TASK PROMPT:
A word-for-word reproduction of the data below is needed, with no pictures in it.

SOURCE MATERIAL:
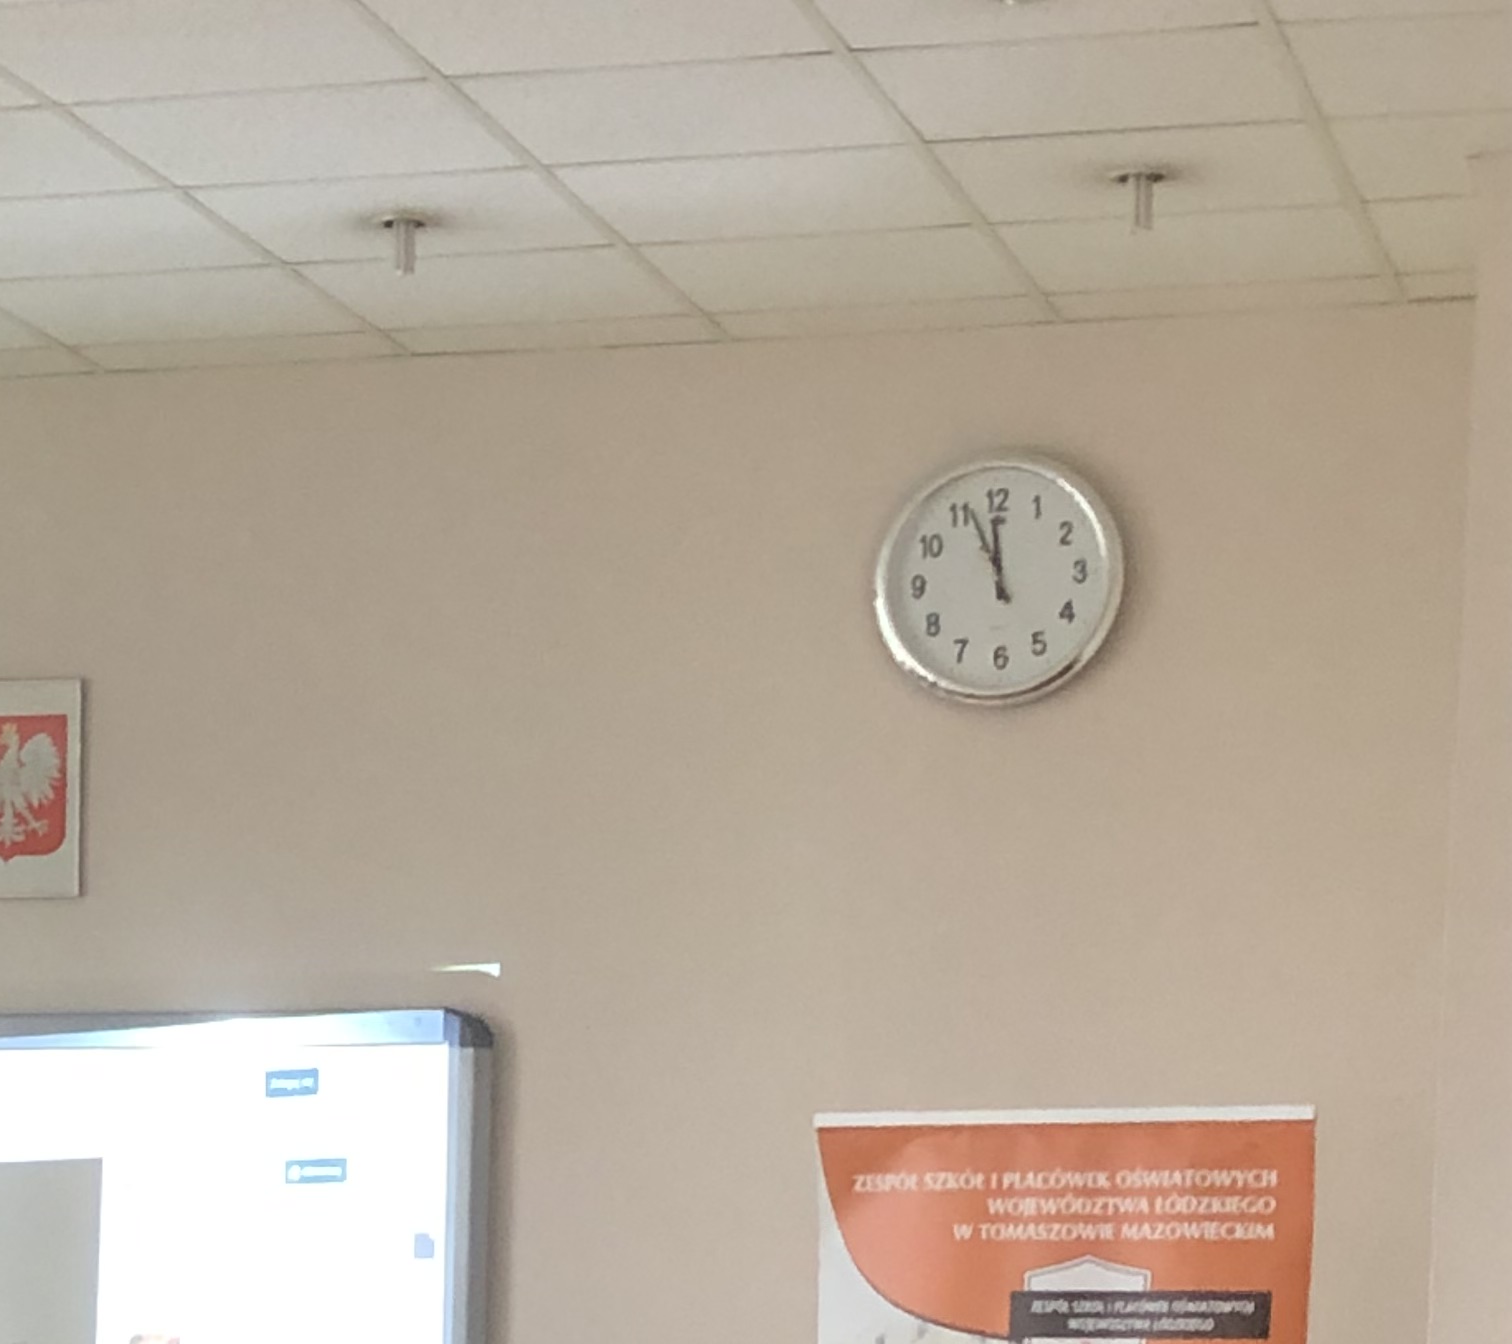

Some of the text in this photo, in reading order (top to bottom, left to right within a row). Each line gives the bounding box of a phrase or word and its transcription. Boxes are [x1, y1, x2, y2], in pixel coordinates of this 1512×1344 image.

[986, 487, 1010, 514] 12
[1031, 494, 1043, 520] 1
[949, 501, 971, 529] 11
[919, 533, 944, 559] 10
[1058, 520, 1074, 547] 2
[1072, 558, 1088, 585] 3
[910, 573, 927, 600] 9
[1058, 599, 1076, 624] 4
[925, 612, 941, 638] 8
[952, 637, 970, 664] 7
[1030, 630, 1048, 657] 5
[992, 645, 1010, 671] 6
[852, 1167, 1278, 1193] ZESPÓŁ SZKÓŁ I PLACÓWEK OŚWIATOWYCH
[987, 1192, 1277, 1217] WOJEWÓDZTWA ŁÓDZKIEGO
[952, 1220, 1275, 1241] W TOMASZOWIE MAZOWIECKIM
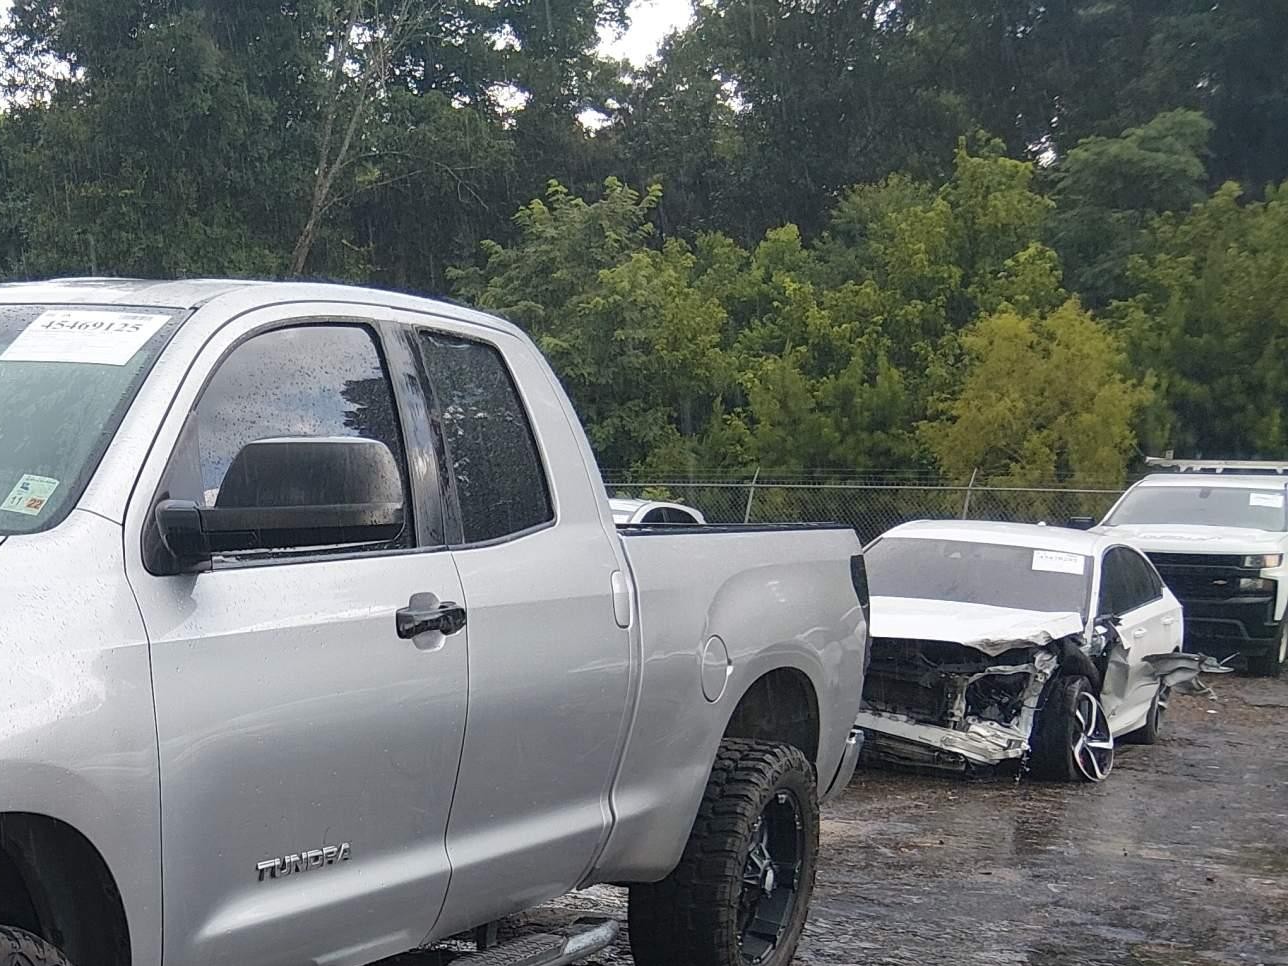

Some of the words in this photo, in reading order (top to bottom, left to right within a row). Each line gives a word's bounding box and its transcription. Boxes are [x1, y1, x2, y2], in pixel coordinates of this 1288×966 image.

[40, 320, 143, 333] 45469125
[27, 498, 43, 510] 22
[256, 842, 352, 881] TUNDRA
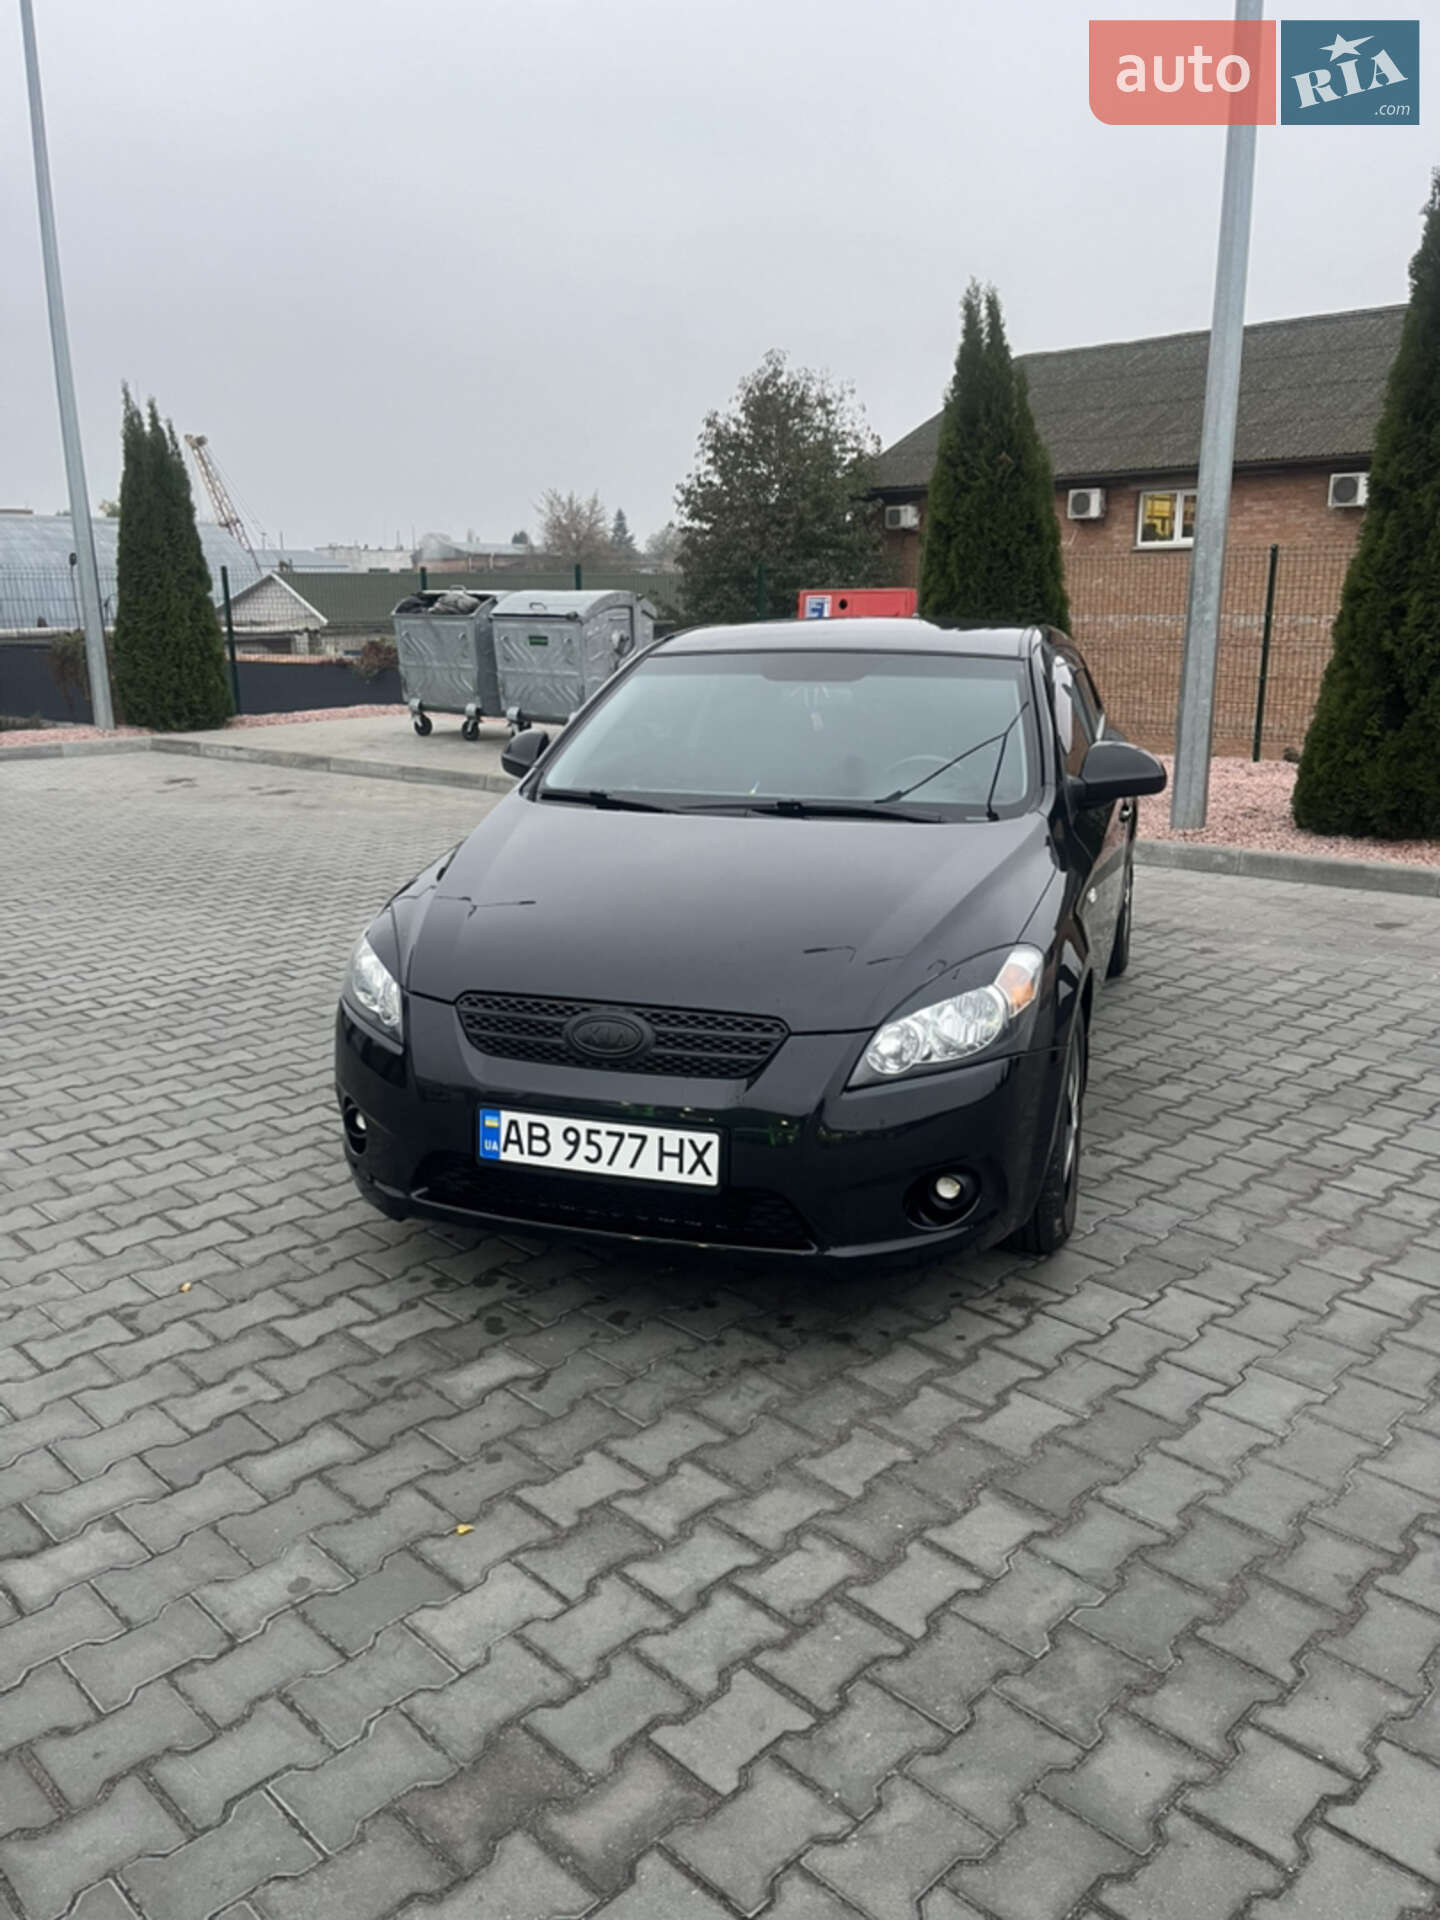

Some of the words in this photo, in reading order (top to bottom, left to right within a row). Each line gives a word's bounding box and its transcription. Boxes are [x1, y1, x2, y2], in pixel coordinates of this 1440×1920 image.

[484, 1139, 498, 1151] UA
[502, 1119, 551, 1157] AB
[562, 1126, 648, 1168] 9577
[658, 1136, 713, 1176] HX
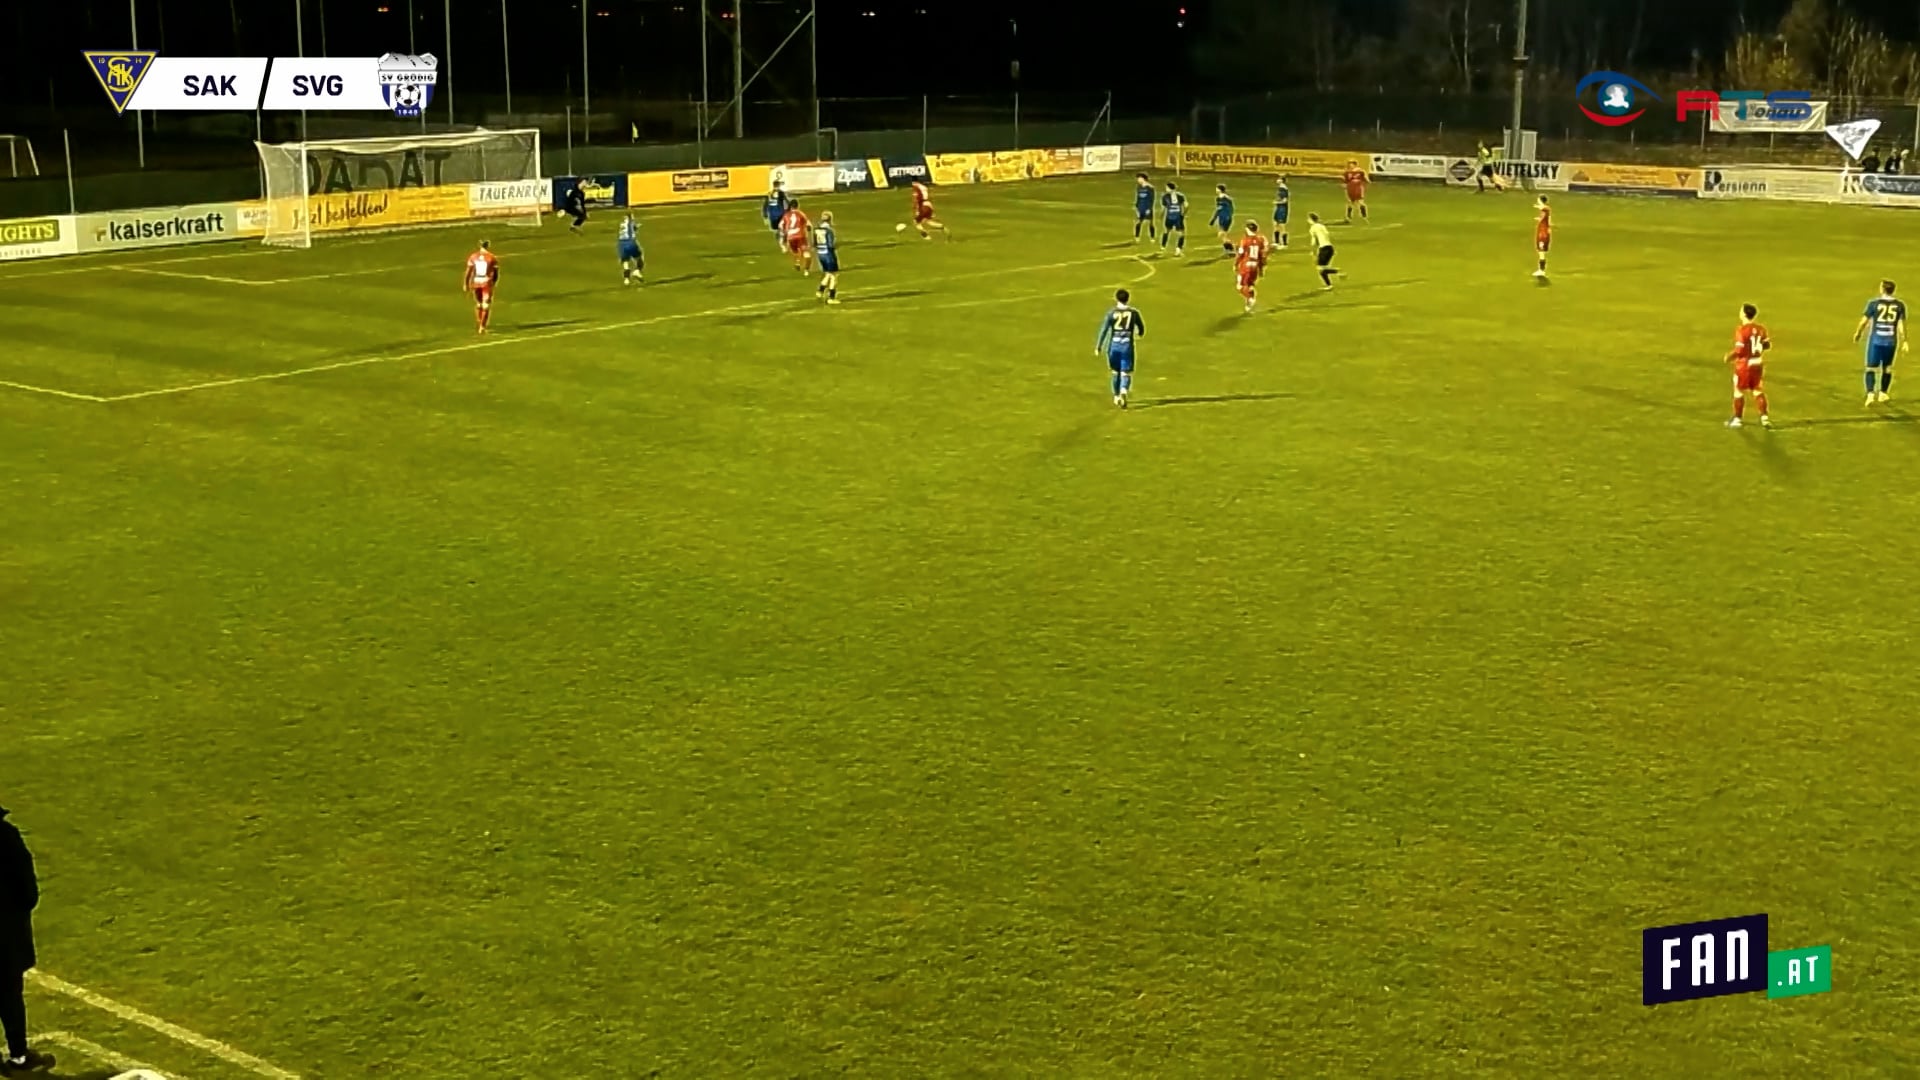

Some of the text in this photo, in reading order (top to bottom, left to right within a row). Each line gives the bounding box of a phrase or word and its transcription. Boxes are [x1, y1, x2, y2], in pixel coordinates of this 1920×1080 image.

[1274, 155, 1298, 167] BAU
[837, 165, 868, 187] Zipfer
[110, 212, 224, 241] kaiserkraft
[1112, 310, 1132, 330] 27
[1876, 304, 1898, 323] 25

WRITTEN ANSWER:
Some of the text in this photo, in reading order (top to bottom, left to right within a row). Each line gives the bounding box of a phrase or word and its transcription. Boxes are [x1, y1, x2, y2], in pixel coordinates of this 1512×1344 image.

[986, 487, 1010, 514] 12
[1031, 494, 1043, 520] 1
[949, 501, 971, 529] 11
[919, 533, 944, 559] 10
[1058, 520, 1074, 547] 2
[1072, 558, 1088, 585] 3
[910, 573, 927, 600] 9
[1058, 599, 1076, 624] 4
[925, 612, 941, 638] 8
[952, 637, 970, 664] 7
[1030, 630, 1048, 657] 5
[992, 645, 1010, 671] 6
[852, 1167, 1278, 1193] ZESPÓŁ SZKÓŁ I PLACÓWEK OŚWIATOWYCH
[987, 1192, 1277, 1217] WOJEWÓDZTWA ŁÓDZKIEGO
[952, 1220, 1275, 1241] W TOMASZOWIE MAZOWIECKIM

Some of the words in this photo, in reading order (top to bottom, left to right within a row). Each line gives a word's bounding box and its transcription. Boxes are [x1, y1, x2, y2], in pixel coordinates of this 1288×966 image.

[40, 320, 143, 333] 45469125
[27, 498, 43, 510] 22
[256, 842, 352, 881] TUNDRA

Some of the words in this photo, in reading order (top to bottom, left to right within a row). Each line gives a word's bounding box and its transcription. Boxes are [x1, y1, x2, y2], in pixel coordinates of this 1440×1920 image.

[484, 1139, 498, 1151] UA
[502, 1119, 551, 1157] AB
[562, 1126, 648, 1168] 9577
[658, 1136, 713, 1176] HX

Some of the text in this photo, in reading order (top to bottom, left to right within a row). Each line gives the bounding box of a phrase or word and its transcription. Boxes are [x1, y1, x2, y2], in pixel coordinates of this 1920×1080 image.

[1274, 155, 1298, 167] BAU
[837, 165, 868, 187] Zipfer
[110, 212, 224, 241] kaiserkraft
[1112, 310, 1132, 330] 27
[1876, 304, 1898, 323] 25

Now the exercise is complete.